Once the records below have been read, copy them all out exactly.

Collected data
-- -- --

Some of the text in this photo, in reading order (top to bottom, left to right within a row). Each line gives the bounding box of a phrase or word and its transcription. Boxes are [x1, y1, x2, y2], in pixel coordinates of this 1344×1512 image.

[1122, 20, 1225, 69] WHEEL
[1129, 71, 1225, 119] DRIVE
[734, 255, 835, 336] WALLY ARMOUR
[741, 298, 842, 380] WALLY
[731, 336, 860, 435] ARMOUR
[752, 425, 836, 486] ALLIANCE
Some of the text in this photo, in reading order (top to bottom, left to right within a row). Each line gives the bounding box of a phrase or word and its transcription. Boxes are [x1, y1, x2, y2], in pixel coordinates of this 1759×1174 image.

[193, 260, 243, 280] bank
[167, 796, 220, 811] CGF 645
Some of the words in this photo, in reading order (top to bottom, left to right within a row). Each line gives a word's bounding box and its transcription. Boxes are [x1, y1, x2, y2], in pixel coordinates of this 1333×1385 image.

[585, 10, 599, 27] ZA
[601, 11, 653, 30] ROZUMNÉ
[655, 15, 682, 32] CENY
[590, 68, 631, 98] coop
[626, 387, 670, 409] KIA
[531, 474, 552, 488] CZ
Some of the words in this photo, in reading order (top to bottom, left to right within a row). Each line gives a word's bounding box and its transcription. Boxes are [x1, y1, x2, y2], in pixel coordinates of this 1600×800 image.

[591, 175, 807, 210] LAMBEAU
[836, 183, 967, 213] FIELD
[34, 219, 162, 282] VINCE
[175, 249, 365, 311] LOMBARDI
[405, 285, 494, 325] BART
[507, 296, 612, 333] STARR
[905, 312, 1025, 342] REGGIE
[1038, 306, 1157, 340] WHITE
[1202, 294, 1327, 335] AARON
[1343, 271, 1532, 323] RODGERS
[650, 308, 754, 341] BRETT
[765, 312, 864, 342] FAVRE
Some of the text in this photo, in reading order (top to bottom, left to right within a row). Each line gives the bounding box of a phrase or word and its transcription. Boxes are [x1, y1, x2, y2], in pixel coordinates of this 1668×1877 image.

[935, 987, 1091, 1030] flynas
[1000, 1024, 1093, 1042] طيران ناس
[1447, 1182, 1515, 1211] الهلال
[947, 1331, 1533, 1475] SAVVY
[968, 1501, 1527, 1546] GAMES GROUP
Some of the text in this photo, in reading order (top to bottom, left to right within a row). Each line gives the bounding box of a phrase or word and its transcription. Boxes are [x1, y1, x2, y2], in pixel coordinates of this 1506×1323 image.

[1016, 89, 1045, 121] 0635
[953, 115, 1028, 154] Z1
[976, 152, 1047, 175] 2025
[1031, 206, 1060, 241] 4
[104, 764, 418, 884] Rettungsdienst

-- -- --

Result:
Some of the text in this photo, in reading order (top to bottom, left to right within a row). Each line gives the bounding box of a phrase or word and its transcription. Boxes are [x1, y1, x2, y2], in pixel coordinates of this 1344×1512 image.

[1122, 20, 1225, 69] WHEEL
[1129, 71, 1225, 119] DRIVE
[734, 255, 835, 336] WALLY ARMOUR
[741, 298, 842, 380] WALLY
[731, 336, 860, 435] ARMOUR
[752, 425, 836, 486] ALLIANCE
Some of the text in this photo, in reading order (top to bottom, left to right within a row). Each line gives the bounding box of a phrase or word and its transcription. Boxes are [x1, y1, x2, y2], in pixel coordinates of this 1759×1174 image.

[193, 260, 243, 280] bank
[167, 796, 220, 811] CGF 645
Some of the words in this photo, in reading order (top to bottom, left to right within a row). Each line gives a word's bounding box and its transcription. Boxes are [x1, y1, x2, y2], in pixel coordinates of this 1333×1385 image.

[585, 10, 599, 27] ZA
[601, 11, 653, 30] ROZUMNÉ
[655, 15, 682, 32] CENY
[590, 68, 631, 98] coop
[626, 387, 670, 409] KIA
[531, 474, 552, 488] CZ
Some of the words in this photo, in reading order (top to bottom, left to right within a row). Each line gives a word's bounding box and its transcription. Boxes are [x1, y1, x2, y2], in pixel coordinates of this 1600×800 image.

[591, 175, 807, 210] LAMBEAU
[836, 183, 967, 213] FIELD
[34, 219, 162, 282] VINCE
[175, 249, 365, 311] LOMBARDI
[405, 285, 494, 325] BART
[507, 296, 612, 333] STARR
[905, 312, 1025, 342] REGGIE
[1038, 306, 1157, 340] WHITE
[1202, 294, 1327, 335] AARON
[1343, 271, 1532, 323] RODGERS
[650, 308, 754, 341] BRETT
[765, 312, 864, 342] FAVRE
Some of the text in this photo, in reading order (top to bottom, left to right within a row). Each line gives the bounding box of a phrase or word and its transcription. Boxes are [x1, y1, x2, y2], in pixel coordinates of this 1668×1877 image.

[935, 987, 1091, 1030] flynas
[1000, 1024, 1093, 1042] طيران ناس
[1447, 1182, 1515, 1211] الهلال
[947, 1331, 1533, 1475] SAVVY
[968, 1501, 1527, 1546] GAMES GROUP
Some of the text in this photo, in reading order (top to bottom, left to right within a row). Each line gives the bounding box of a phrase or word and its transcription. Boxes are [x1, y1, x2, y2], in pixel coordinates of this 1506×1323 image.

[1016, 89, 1045, 121] 0635
[953, 115, 1028, 154] Z1
[976, 152, 1047, 175] 2025
[1031, 206, 1060, 241] 4
[104, 764, 418, 884] Rettungsdienst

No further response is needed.